Age: Subjects will be male and female volunteers aged 18 to 50 years.

Contact: All subjects must have a stable point of contact and must agree to participate in one PET study and one MRI scan.

Smoking group: must smoke at least 10 cigarettes per day for at least the last year. They should have experience with abstaining from smoking for at least 48 h.

Nonsmoking group: Subjects in the non-smoking group must be nonsmokers or have smoked less than 100 cigarettes in their lifetime and have ceased smoking at least two years before the start of the study.

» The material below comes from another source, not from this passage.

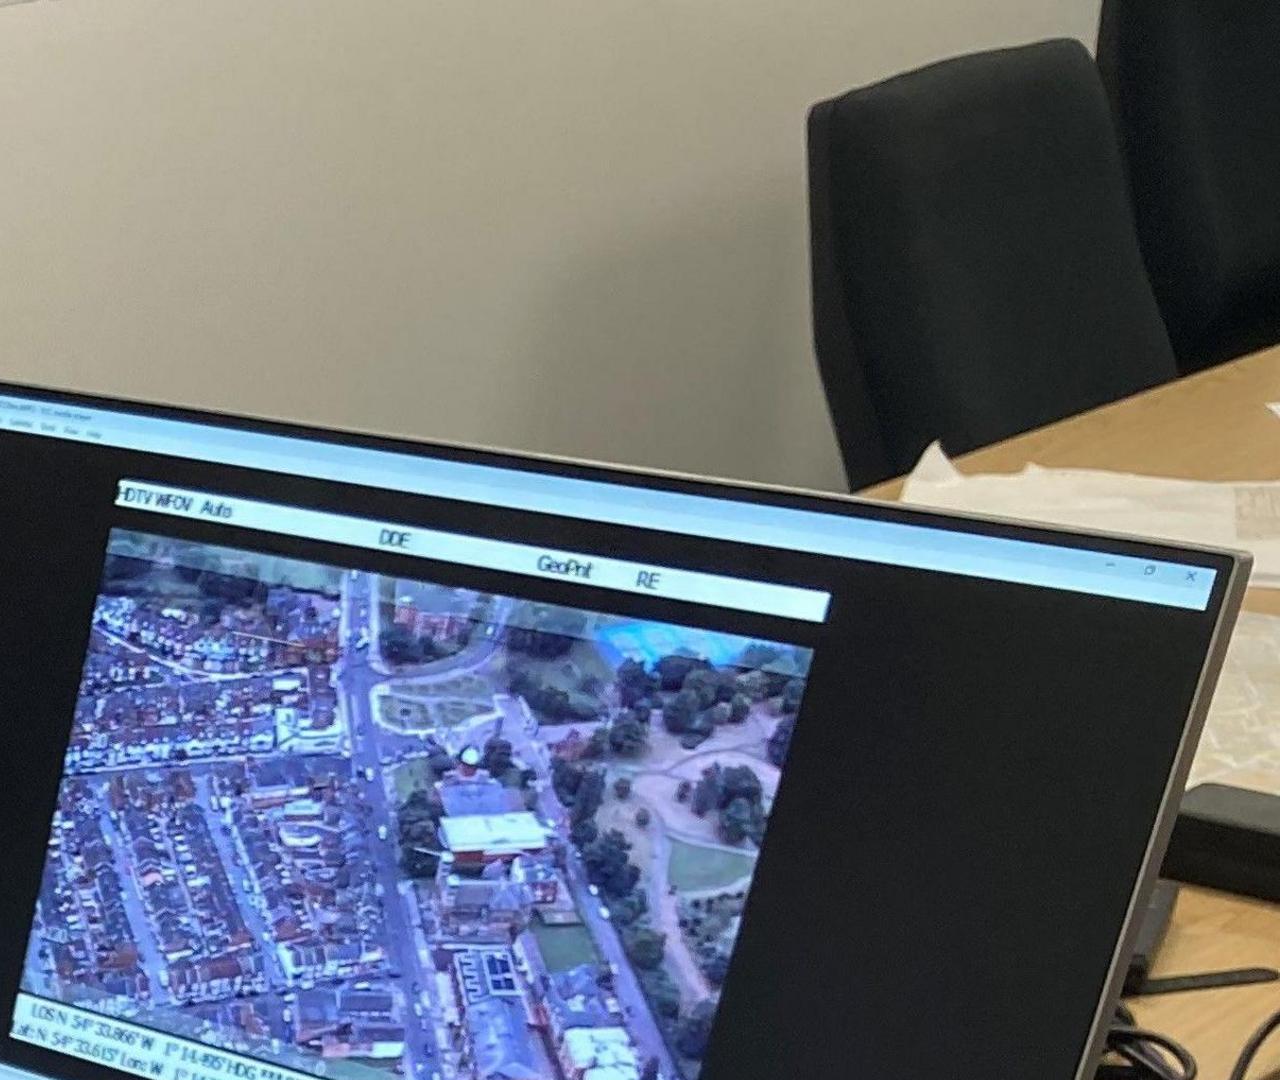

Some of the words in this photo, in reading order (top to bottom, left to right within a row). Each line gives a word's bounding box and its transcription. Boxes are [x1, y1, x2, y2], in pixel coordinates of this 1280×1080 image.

[200, 499, 232, 518] Auto
[378, 528, 411, 548] DDE
[636, 570, 661, 589] RE

Diagnosis: Each volunteer will have a diagnosis of schizophrenia using DSMIV criteria. Each subject will have the following information available for diagnostic consideration: Structured Clinical Interview for DSM-IV Axis I Disorders (SCID-I), a general psychiatric interview for past illness characteristics and family history, information from 2-3 months of independent clinician observation including current detailed mental status evaluations using the Brief Psychiatric Rating Scale (BPRS), Schedule for the Assessment of Positive and Negative Symptoms (SAPS/SANS), and Schedule for Deficit Syndrome (SDS). An assessment of impulsivity will also be done (Patton, 1995).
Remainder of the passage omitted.